1-1.代数とアルゴリズムの語源

フワーリズミー:アルゴリズムと代数の起源

『インド数字による計算法』は、現在私たちが使っている算用数字 0, 1, 2, …, 9 を使った10進数の掛け算や割り算などの四則演算や、開平などの計算方法の解説書です。現在の算用数字をフワーリズミーはインド数字と呼んでいますが、ヨーロッパではアラビア数字と呼ばれてきました(最近はインド・アラビア数字と呼ばれています)。ヨーロッパでは中世の終わりごろから、十字軍遠征をきっかけにして地中海交易が盛んとなり、アラビアの書物が多数ラテン語に訳されるようになります。その中で特に有名なのが上で挙げた『インド数字による計算補法』です。そのラテン語訳による解説書では、「アルゴリスミはこういった」という語句がよく使われるようになります。

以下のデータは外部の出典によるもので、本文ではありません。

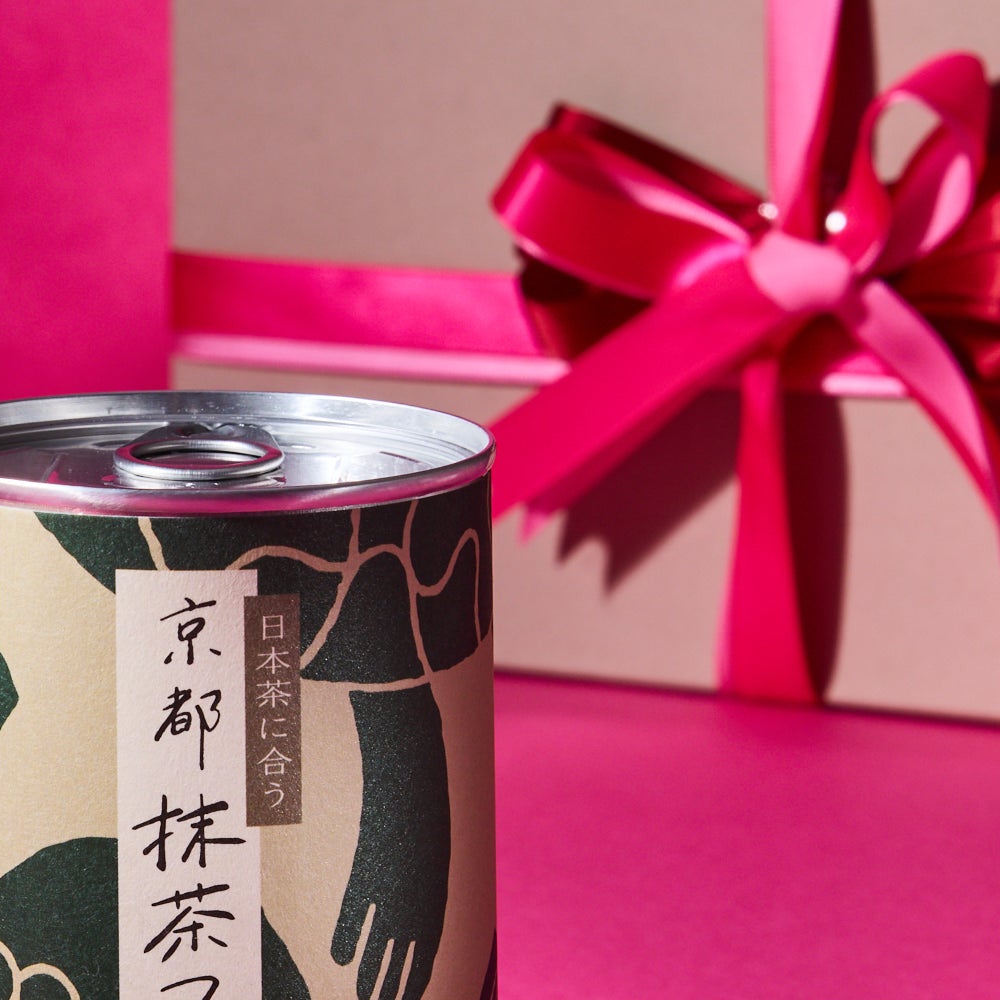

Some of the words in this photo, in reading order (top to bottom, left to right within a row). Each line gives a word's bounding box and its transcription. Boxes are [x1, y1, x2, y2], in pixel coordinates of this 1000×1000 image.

このアルゴリスミとはアル=フワーリズミーのラテン語訳で、“アル=”はアラビア語の定冠詞です。このインド式算術の書物があまりにも有名となり、とうとうフワーリズミーという人名がアルゴリスミという算術演算を表すようになり、やがてアルゴリズムという数学的手続きを表すように変わっていったのです。

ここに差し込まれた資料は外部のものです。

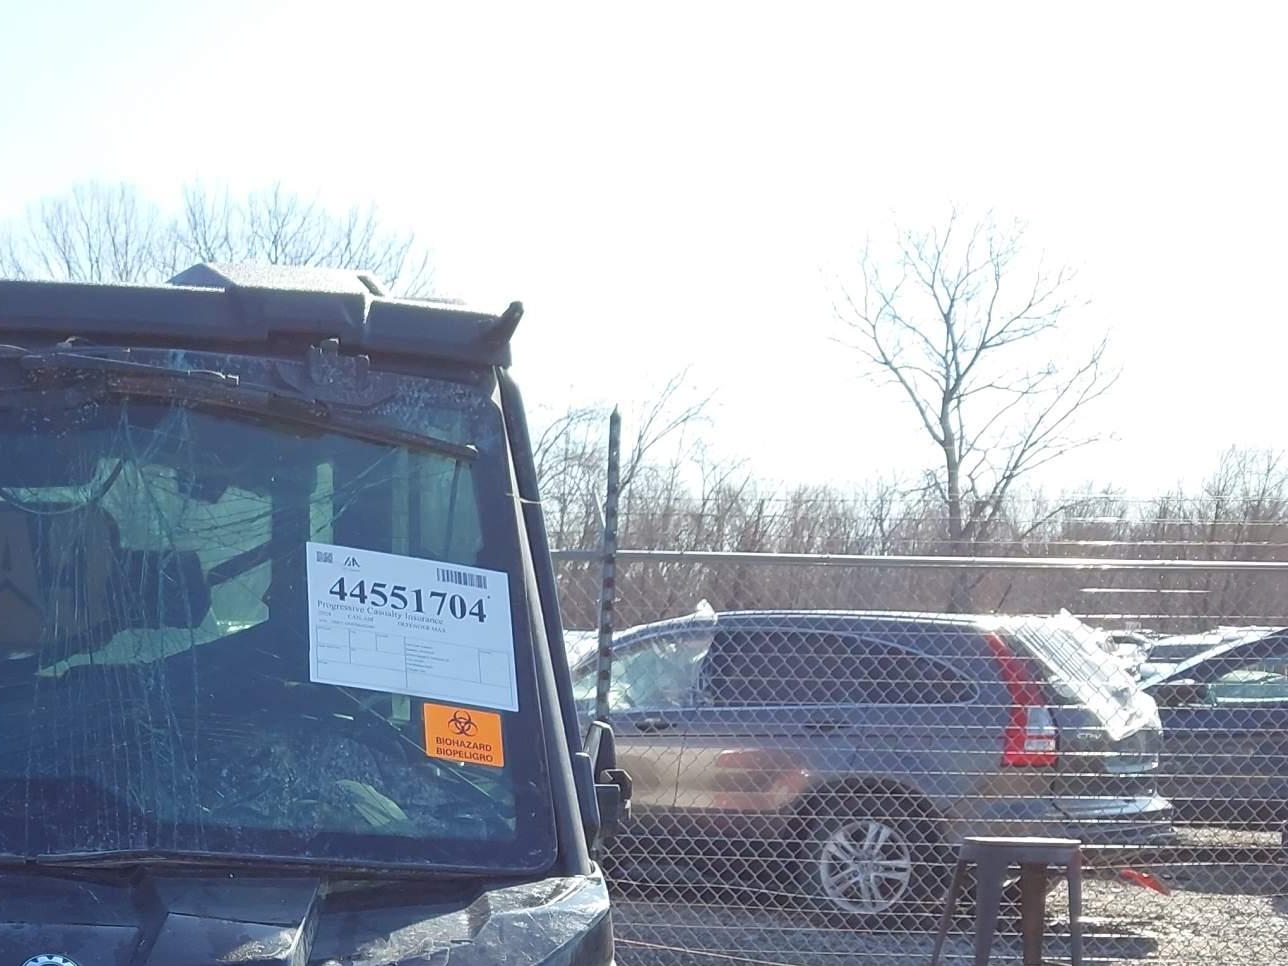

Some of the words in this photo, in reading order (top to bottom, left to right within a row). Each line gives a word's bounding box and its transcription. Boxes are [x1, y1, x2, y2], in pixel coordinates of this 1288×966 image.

[329, 577, 487, 623] 44551704
[317, 599, 364, 614] Progressive
[367, 606, 402, 620] Casualty
[405, 611, 443, 626] Insurance
[436, 737, 492, 752] BIOHAZARD
[436, 747, 493, 762] BIOPELIGRO

代数の英語のアルジェブラは、もう一方の著作 『ジャブルとムカーバラによる計算法についての簡約な書』の題名から来ています。「ジャブルとムカーバラ」とは式の変形規則のことで、これも定冠詞“アル=”を付け「アルジャブル」、「アルムカーバラ」と呼ばれます。この理論はこれ以後フワーリズミーの後継者たちによって著しく発展させられますが、後継者たちはこの理論を「ジャブル学」と呼んでいました。やがてこの理論も西洋移入され、アルジャブル、アルジェブラと変化しました。アラビア数学を西洋に紹介したフィボナッチはアルゲブラと呼んでいます。フワーリズミーが「代数学の祖」と呼ばれるのは、このようなゆえんによります。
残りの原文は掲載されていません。